おそらく、“誰のおかげで飯を食っているんだ!”と言う背景には、自分が稼いでいることを前面に主張したい、自分が稼いでいるんだから、偉そうなことを言うな、自分の言うとおりにすればいいんだというようなことを言い含めたいことでしょう。
僕は考えてみました。我が家では“誰のおかげで飯を食っているのだろう?”かと。
僕は歯医者として患者さんの治療に当たっていますが、治療に対してそれなりの治療報酬を患者さんから頂いています。うちの歯科医院では保険診療がメインですから、様々な治療に対しては点数が決められ、その点数の10倍を治療費として患者さんと患者さんが所属する保険組合から頂いているわけです。
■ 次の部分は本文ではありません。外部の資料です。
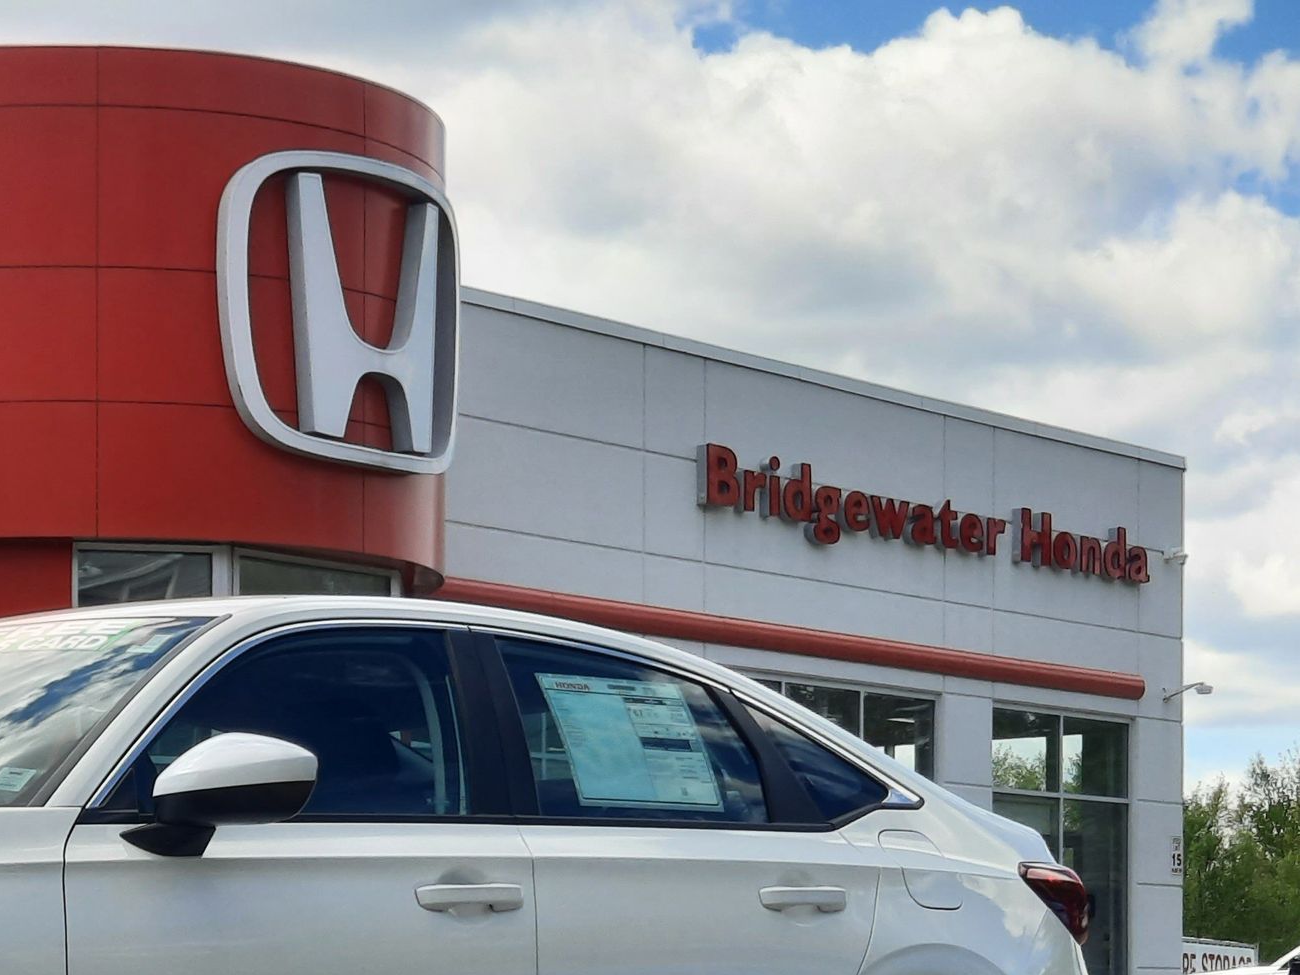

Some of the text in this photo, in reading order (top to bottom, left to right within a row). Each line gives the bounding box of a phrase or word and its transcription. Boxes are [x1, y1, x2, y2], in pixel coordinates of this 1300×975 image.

保険組合は患者さんが毎月掛け金を支払っているわけですから、僕が稼いでいる治療報酬は患者さんがあってこそ初めて稼ぐことができるものです。 “一体誰のおかげで飯を食っているんだ!”と言われれば、僕の場合は、まずは“患者さんです”と答えざるをえないでしょう。
飯を食うために稼ぐ場所としては歯科医院ですが、歯科医院では歯医者一人では切り盛りすることはできません。僕の周囲にいるスタッフの力無くしては歯科医院は機能しないのです。歯医者は患者さんの治療をすることはできますが、治療の補助、受付業務、歯科衛生士であれば歯磨き指導など患者さんに対して適切な医療サービスを提供するには歯医者だけでは無理な話なのです。 そういった意味では、“一体だれのおかげで飯を食っているんだ”!“と言われれば、僕は”スタッフのおかげです“とも言わなければいけないでしょう。
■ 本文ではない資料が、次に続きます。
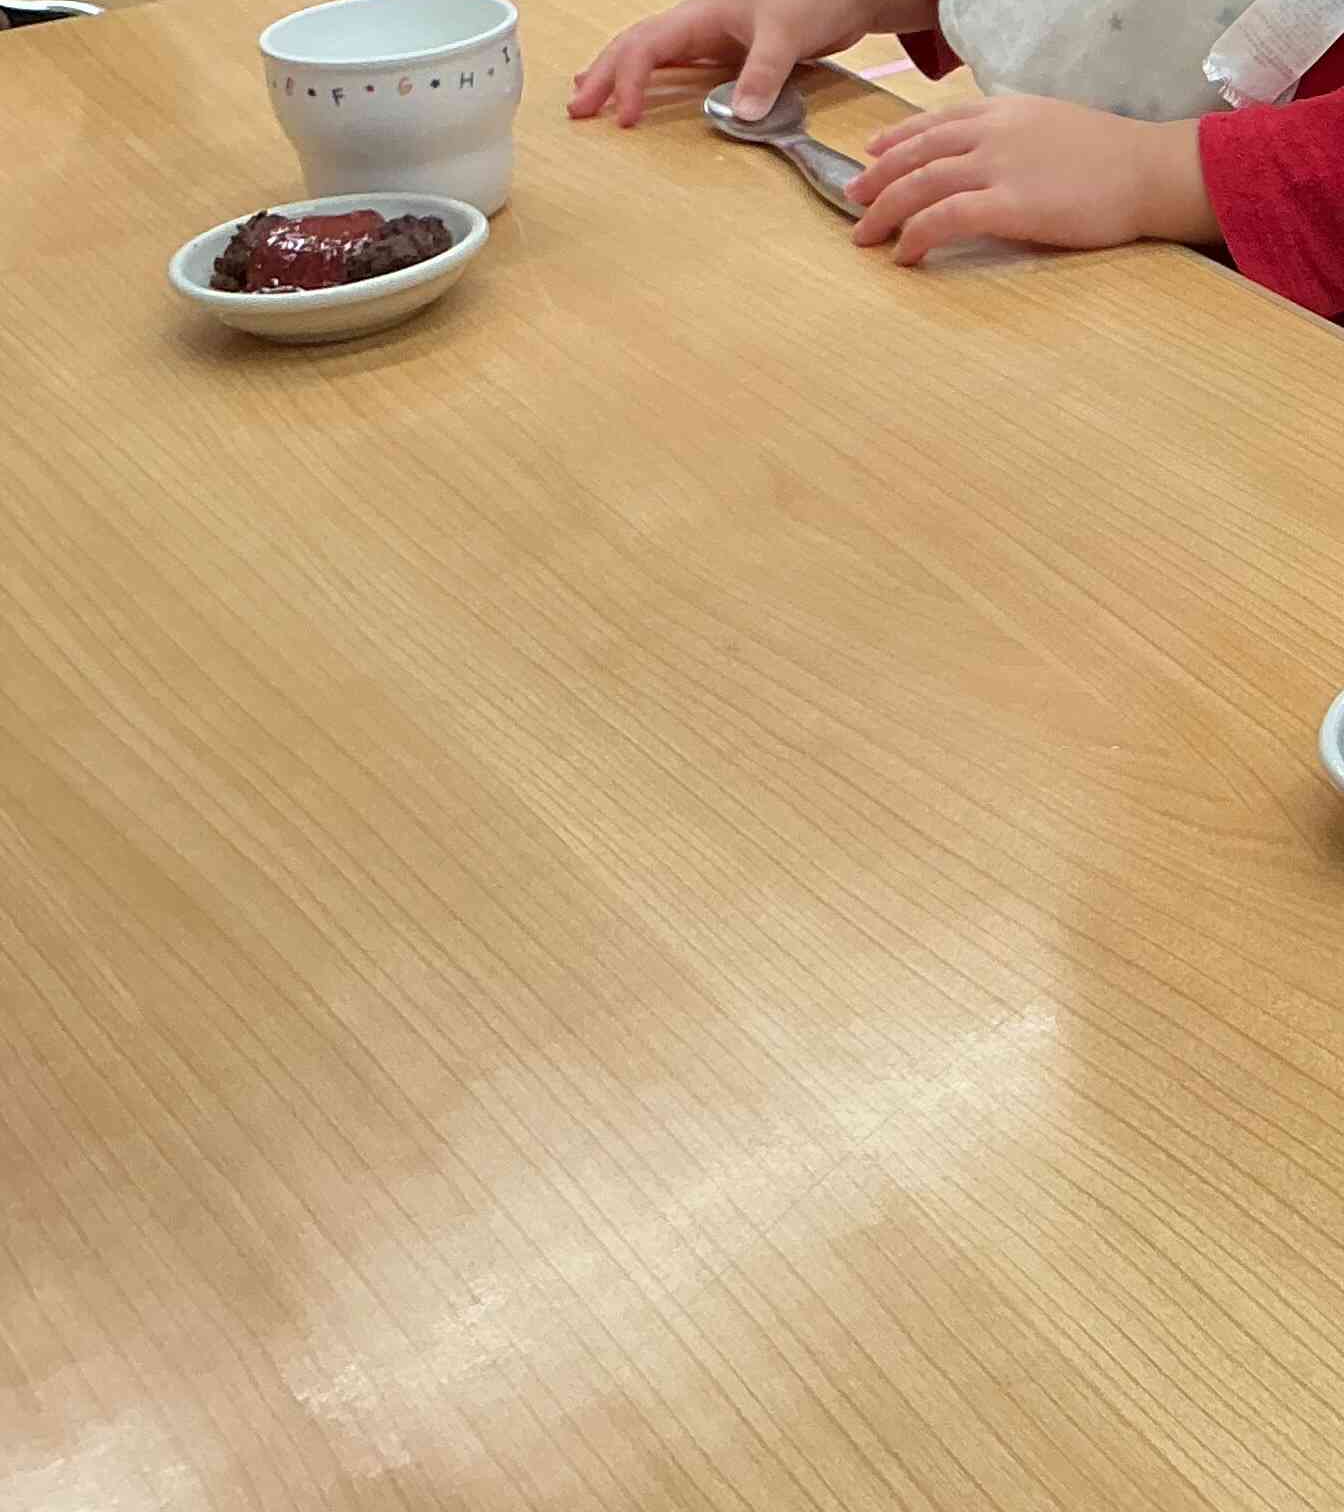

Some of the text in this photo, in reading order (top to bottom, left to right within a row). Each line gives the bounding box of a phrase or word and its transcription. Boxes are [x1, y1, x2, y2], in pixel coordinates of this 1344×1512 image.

[331, 88, 344, 106] F
[398, 76, 413, 96] G
[459, 71, 475, 89] H
僕は歯医者として仕事をしていますが、歯医者として仕事をしている間、家を切り盛りしてくれるのは嫁さんです。嫁さんは僕が起きる前に朝食の準備をしてくれます。昼休憩の際、自宅に戻ると昼食ができています。そして、一日の診療が終わり帰宅すれば、晩御飯を作って待っていてくれます。仕事が終わり、自宅に戻った時に食事が出来ている。これは非常に有難いことです。どんなに仕事で疲れていたとしても食事がすぐに出来ている状態というのは精神的に安心できるもの。これを毎日やってくれているわけですから、僕は嫁さんには頭が上がりません。 この意味において、“一体誰のおかげで飯を食っているんだ!”と言われれば、僕は“嫁さんのおかげです”と答えることになるでしょう。
僕は独り身ではありません。嫁さんだけではなく、両親と二人の子供がいます。家族は社会の最小単位ですが、僕は家族の存在なくして僕は生きていくことができません。歯医者として仕事に精を出すことができるのは、まさしく心の拠り所としての家族があるからこそです。
僕にはこれまで僕を育ててくれた数々の恩師、先生、先輩がいます。また、僕とともに同じ時間を過ごしてくれた友人、知人、後輩たち。彼ら、彼女らのサポートが無ければ、今僕は歯医者として何とか生活をしていくことができるといっても過言ではありません。 “誰のおかげで飯を食っているんだ!”と言われえれば、僕は彼ら、彼女らの存在を無視することは到底出来ません。
これらのことを考えれば、少なくとも僕は、平気で“誰のおかげで飯を食っているんだ!ということは言えません。いくら感情的になったとしても、僕は口が裂けても、腹が裂けても言えない言葉です。